[Start of section]

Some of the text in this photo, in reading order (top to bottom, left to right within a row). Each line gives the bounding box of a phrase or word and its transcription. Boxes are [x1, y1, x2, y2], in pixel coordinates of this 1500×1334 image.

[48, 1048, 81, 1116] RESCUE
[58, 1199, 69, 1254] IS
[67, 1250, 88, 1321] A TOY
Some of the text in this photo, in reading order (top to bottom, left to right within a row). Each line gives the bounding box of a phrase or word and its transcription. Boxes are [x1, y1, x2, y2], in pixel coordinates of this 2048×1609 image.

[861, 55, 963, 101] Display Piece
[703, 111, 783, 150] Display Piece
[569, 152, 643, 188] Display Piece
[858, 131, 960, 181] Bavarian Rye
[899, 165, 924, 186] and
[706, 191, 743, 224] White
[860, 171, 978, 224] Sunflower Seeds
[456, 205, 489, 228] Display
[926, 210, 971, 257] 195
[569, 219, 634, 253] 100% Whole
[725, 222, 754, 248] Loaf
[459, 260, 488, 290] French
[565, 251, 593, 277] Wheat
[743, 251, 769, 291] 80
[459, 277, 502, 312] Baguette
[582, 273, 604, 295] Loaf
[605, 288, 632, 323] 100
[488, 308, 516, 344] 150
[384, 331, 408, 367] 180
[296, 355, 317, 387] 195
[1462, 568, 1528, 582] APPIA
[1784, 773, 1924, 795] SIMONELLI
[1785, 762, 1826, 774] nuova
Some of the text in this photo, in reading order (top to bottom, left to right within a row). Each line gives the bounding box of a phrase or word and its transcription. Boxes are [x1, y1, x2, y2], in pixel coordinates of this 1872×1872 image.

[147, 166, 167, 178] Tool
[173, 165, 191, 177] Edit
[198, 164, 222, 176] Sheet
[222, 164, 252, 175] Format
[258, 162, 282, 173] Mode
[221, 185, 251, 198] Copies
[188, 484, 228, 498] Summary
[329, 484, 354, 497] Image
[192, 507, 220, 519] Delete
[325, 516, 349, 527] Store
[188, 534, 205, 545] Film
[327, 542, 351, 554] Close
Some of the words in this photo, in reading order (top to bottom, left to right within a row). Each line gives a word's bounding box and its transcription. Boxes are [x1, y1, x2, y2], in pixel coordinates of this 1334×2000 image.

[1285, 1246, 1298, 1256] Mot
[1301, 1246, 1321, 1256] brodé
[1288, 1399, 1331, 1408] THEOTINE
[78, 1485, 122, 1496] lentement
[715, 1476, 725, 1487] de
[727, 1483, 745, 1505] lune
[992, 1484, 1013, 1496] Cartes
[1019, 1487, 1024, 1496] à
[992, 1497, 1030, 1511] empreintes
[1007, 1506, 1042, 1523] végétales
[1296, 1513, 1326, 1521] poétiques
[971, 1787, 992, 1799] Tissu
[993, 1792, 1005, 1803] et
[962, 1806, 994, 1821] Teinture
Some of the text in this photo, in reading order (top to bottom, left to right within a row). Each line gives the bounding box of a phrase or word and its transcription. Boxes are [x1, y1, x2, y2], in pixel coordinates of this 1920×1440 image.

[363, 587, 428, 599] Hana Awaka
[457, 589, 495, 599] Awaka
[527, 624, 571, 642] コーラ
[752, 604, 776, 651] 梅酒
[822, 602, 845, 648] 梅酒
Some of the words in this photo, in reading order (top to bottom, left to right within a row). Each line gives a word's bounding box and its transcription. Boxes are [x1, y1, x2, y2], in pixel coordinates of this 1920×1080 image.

[End of section]

→ Exercise prompt
Produce a verbatim copy of all the material.

→ Your response
Some of the text in this photo, in reading order (top to bottom, left to right within a row). Each line gives the bounding box of a phrase or word and its transcription. Boxes are [x1, y1, x2, y2], in pixel coordinates of this 1500×1334 image.

[48, 1048, 81, 1116] RESCUE
[58, 1199, 69, 1254] IS
[67, 1250, 88, 1321] A TOY
Some of the text in this photo, in reading order (top to bottom, left to right within a row). Each line gives the bounding box of a phrase or word and its transcription. Boxes are [x1, y1, x2, y2], in pixel coordinates of this 2048×1609 image.

[861, 55, 963, 101] Display Piece
[703, 111, 783, 150] Display Piece
[569, 152, 643, 188] Display Piece
[858, 131, 960, 181] Bavarian Rye
[899, 165, 924, 186] and
[706, 191, 743, 224] White
[860, 171, 978, 224] Sunflower Seeds
[456, 205, 489, 228] Display
[926, 210, 971, 257] 195
[569, 219, 634, 253] 100% Whole
[725, 222, 754, 248] Loaf
[459, 260, 488, 290] French
[565, 251, 593, 277] Wheat
[743, 251, 769, 291] 80
[459, 277, 502, 312] Baguette
[582, 273, 604, 295] Loaf
[605, 288, 632, 323] 100
[488, 308, 516, 344] 150
[384, 331, 408, 367] 180
[296, 355, 317, 387] 195
[1462, 568, 1528, 582] APPIA
[1784, 773, 1924, 795] SIMONELLI
[1785, 762, 1826, 774] nuova
Some of the text in this photo, in reading order (top to bottom, left to right within a row). Each line gives the bounding box of a phrase or word and its transcription. Boxes are [x1, y1, x2, y2], in pixel coordinates of this 1872×1872 image.

[147, 166, 167, 178] Tool
[173, 165, 191, 177] Edit
[198, 164, 222, 176] Sheet
[222, 164, 252, 175] Format
[258, 162, 282, 173] Mode
[221, 185, 251, 198] Copies
[188, 484, 228, 498] Summary
[329, 484, 354, 497] Image
[192, 507, 220, 519] Delete
[325, 516, 349, 527] Store
[188, 534, 205, 545] Film
[327, 542, 351, 554] Close
Some of the words in this photo, in reading order (top to bottom, left to right within a row). Each line gives a word's bounding box and its transcription. Boxes are [x1, y1, x2, y2], in pixel coordinates of this 1334×2000 image.

[1285, 1246, 1298, 1256] Mot
[1301, 1246, 1321, 1256] brodé
[1288, 1399, 1331, 1408] THEOTINE
[78, 1485, 122, 1496] lentement
[715, 1476, 725, 1487] de
[727, 1483, 745, 1505] lune
[992, 1484, 1013, 1496] Cartes
[1019, 1487, 1024, 1496] à
[992, 1497, 1030, 1511] empreintes
[1007, 1506, 1042, 1523] végétales
[1296, 1513, 1326, 1521] poétiques
[971, 1787, 992, 1799] Tissu
[993, 1792, 1005, 1803] et
[962, 1806, 994, 1821] Teinture
Some of the text in this photo, in reading order (top to bottom, left to right within a row). Each line gives the bounding box of a phrase or word and its transcription. Boxes are [x1, y1, x2, y2], in pixel coordinates of this 1920×1440 image.

[363, 587, 428, 599] Hana Awaka
[457, 589, 495, 599] Awaka
[527, 624, 571, 642] コーラ
[752, 604, 776, 651] 梅酒
[822, 602, 845, 648] 梅酒
Some of the words in this photo, in reading order (top to bottom, left to right within a row). Each line gives a word's bounding box and its transcription. Boxes are [x1, y1, x2, y2], in pixel coordinates of this 1920×1080 image.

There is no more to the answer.